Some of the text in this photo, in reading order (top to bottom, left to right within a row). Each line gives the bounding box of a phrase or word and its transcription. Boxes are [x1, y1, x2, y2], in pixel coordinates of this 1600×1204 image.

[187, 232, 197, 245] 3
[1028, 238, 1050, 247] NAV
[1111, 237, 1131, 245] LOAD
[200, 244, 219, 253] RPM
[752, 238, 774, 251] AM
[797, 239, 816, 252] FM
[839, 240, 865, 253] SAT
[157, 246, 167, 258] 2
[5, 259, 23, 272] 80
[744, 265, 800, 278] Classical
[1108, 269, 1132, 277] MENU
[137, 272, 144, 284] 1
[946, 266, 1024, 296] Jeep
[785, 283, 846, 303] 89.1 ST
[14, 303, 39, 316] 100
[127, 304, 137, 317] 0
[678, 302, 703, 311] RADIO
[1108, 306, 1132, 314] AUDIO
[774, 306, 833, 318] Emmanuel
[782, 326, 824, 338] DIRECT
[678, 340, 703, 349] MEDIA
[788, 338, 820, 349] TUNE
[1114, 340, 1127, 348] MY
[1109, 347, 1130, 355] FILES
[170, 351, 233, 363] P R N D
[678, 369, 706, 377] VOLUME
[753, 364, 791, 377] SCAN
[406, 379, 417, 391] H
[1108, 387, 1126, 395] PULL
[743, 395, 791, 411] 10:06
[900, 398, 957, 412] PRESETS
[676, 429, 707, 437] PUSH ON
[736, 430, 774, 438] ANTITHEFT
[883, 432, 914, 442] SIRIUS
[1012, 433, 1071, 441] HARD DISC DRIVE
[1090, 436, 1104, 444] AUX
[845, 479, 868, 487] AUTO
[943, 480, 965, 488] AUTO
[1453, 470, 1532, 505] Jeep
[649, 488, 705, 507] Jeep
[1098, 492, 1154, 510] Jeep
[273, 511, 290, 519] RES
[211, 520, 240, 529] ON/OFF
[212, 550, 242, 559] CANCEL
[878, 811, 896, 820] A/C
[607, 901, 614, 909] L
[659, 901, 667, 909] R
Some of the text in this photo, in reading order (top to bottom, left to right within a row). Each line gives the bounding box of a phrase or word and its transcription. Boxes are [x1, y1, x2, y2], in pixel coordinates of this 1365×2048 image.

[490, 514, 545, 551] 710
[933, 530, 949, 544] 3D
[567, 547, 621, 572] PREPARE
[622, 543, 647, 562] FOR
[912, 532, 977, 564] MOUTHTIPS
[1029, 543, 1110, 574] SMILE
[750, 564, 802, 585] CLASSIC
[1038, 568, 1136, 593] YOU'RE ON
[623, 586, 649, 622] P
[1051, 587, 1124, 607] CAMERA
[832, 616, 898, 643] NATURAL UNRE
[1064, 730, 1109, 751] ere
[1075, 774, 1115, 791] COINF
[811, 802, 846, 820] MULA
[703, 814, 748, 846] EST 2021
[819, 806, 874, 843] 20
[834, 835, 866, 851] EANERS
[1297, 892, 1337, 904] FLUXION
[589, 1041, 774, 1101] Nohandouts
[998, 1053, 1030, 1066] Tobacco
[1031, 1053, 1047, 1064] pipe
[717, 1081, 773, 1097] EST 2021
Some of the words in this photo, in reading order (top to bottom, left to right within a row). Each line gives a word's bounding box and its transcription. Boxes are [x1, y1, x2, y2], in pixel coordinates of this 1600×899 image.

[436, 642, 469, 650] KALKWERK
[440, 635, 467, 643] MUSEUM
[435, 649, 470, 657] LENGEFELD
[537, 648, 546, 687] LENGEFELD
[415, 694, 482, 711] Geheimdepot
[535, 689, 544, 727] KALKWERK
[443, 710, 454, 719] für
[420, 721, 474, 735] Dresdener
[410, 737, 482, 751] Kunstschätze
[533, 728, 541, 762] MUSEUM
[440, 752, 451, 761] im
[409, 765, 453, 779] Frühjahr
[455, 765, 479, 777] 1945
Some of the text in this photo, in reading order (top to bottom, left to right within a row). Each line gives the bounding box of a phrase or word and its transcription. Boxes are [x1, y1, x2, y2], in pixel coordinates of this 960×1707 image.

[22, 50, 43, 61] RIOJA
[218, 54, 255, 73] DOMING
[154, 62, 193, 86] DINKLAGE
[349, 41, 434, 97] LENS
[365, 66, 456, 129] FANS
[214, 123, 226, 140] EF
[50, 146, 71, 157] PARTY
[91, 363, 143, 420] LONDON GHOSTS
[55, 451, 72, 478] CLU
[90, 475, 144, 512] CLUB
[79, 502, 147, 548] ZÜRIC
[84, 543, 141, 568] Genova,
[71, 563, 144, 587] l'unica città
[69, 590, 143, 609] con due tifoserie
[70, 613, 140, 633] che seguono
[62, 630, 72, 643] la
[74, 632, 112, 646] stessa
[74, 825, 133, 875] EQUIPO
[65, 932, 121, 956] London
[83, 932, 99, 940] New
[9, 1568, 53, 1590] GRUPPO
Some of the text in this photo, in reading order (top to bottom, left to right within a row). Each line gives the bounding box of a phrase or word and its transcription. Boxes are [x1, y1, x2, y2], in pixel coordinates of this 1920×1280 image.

---

Copy every record once more, exactly as given.

Some of the text in this photo, in reading order (top to bottom, left to right within a row). Each line gives the bounding box of a phrase or word and its transcription. Boxes are [x1, y1, x2, y2], in pixel coordinates of this 1600×1204 image.

[187, 232, 197, 245] 3
[1028, 238, 1050, 247] NAV
[1111, 237, 1131, 245] LOAD
[200, 244, 219, 253] RPM
[752, 238, 774, 251] AM
[797, 239, 816, 252] FM
[839, 240, 865, 253] SAT
[157, 246, 167, 258] 2
[5, 259, 23, 272] 80
[744, 265, 800, 278] Classical
[1108, 269, 1132, 277] MENU
[137, 272, 144, 284] 1
[946, 266, 1024, 296] Jeep
[785, 283, 846, 303] 89.1 ST
[14, 303, 39, 316] 100
[127, 304, 137, 317] 0
[678, 302, 703, 311] RADIO
[1108, 306, 1132, 314] AUDIO
[774, 306, 833, 318] Emmanuel
[782, 326, 824, 338] DIRECT
[678, 340, 703, 349] MEDIA
[788, 338, 820, 349] TUNE
[1114, 340, 1127, 348] MY
[1109, 347, 1130, 355] FILES
[170, 351, 233, 363] P R N D
[678, 369, 706, 377] VOLUME
[753, 364, 791, 377] SCAN
[406, 379, 417, 391] H
[1108, 387, 1126, 395] PULL
[743, 395, 791, 411] 10:06
[900, 398, 957, 412] PRESETS
[676, 429, 707, 437] PUSH ON
[736, 430, 774, 438] ANTITHEFT
[883, 432, 914, 442] SIRIUS
[1012, 433, 1071, 441] HARD DISC DRIVE
[1090, 436, 1104, 444] AUX
[845, 479, 868, 487] AUTO
[943, 480, 965, 488] AUTO
[1453, 470, 1532, 505] Jeep
[649, 488, 705, 507] Jeep
[1098, 492, 1154, 510] Jeep
[273, 511, 290, 519] RES
[211, 520, 240, 529] ON/OFF
[212, 550, 242, 559] CANCEL
[878, 811, 896, 820] A/C
[607, 901, 614, 909] L
[659, 901, 667, 909] R
Some of the text in this photo, in reading order (top to bottom, left to right within a row). Each line gives the bounding box of a phrase or word and its transcription. Boxes are [x1, y1, x2, y2], in pixel coordinates of this 1365×2048 image.

[490, 514, 545, 551] 710
[933, 530, 949, 544] 3D
[567, 547, 621, 572] PREPARE
[622, 543, 647, 562] FOR
[912, 532, 977, 564] MOUTHTIPS
[1029, 543, 1110, 574] SMILE
[750, 564, 802, 585] CLASSIC
[1038, 568, 1136, 593] YOU'RE ON
[623, 586, 649, 622] P
[1051, 587, 1124, 607] CAMERA
[832, 616, 898, 643] NATURAL UNRE
[1064, 730, 1109, 751] ere
[1075, 774, 1115, 791] COINF
[811, 802, 846, 820] MULA
[703, 814, 748, 846] EST 2021
[819, 806, 874, 843] 20
[834, 835, 866, 851] EANERS
[1297, 892, 1337, 904] FLUXION
[589, 1041, 774, 1101] Nohandouts
[998, 1053, 1030, 1066] Tobacco
[1031, 1053, 1047, 1064] pipe
[717, 1081, 773, 1097] EST 2021
Some of the words in this photo, in reading order (top to bottom, left to right within a row). Each line gives a word's bounding box and its transcription. Boxes are [x1, y1, x2, y2], in pixel coordinates of this 1600×899 image.

[436, 642, 469, 650] KALKWERK
[440, 635, 467, 643] MUSEUM
[435, 649, 470, 657] LENGEFELD
[537, 648, 546, 687] LENGEFELD
[415, 694, 482, 711] Geheimdepot
[535, 689, 544, 727] KALKWERK
[443, 710, 454, 719] für
[420, 721, 474, 735] Dresdener
[410, 737, 482, 751] Kunstschätze
[533, 728, 541, 762] MUSEUM
[440, 752, 451, 761] im
[409, 765, 453, 779] Frühjahr
[455, 765, 479, 777] 1945
Some of the text in this photo, in reading order (top to bottom, left to right within a row). Each line gives the bounding box of a phrase or word and its transcription. Boxes are [x1, y1, x2, y2], in pixel coordinates of this 960×1707 image.

[22, 50, 43, 61] RIOJA
[218, 54, 255, 73] DOMING
[154, 62, 193, 86] DINKLAGE
[349, 41, 434, 97] LENS
[365, 66, 456, 129] FANS
[214, 123, 226, 140] EF
[50, 146, 71, 157] PARTY
[91, 363, 143, 420] LONDON GHOSTS
[55, 451, 72, 478] CLU
[90, 475, 144, 512] CLUB
[79, 502, 147, 548] ZÜRIC
[84, 543, 141, 568] Genova,
[71, 563, 144, 587] l'unica città
[69, 590, 143, 609] con due tifoserie
[70, 613, 140, 633] che seguono
[62, 630, 72, 643] la
[74, 632, 112, 646] stessa
[74, 825, 133, 875] EQUIPO
[65, 932, 121, 956] London
[83, 932, 99, 940] New
[9, 1568, 53, 1590] GRUPPO
Some of the text in this photo, in reading order (top to bottom, left to right within a row). Each line gives the bounding box of a phrase or word and its transcription. Boxes are [x1, y1, x2, y2], in pixel coordinates of this 1920×1280 image.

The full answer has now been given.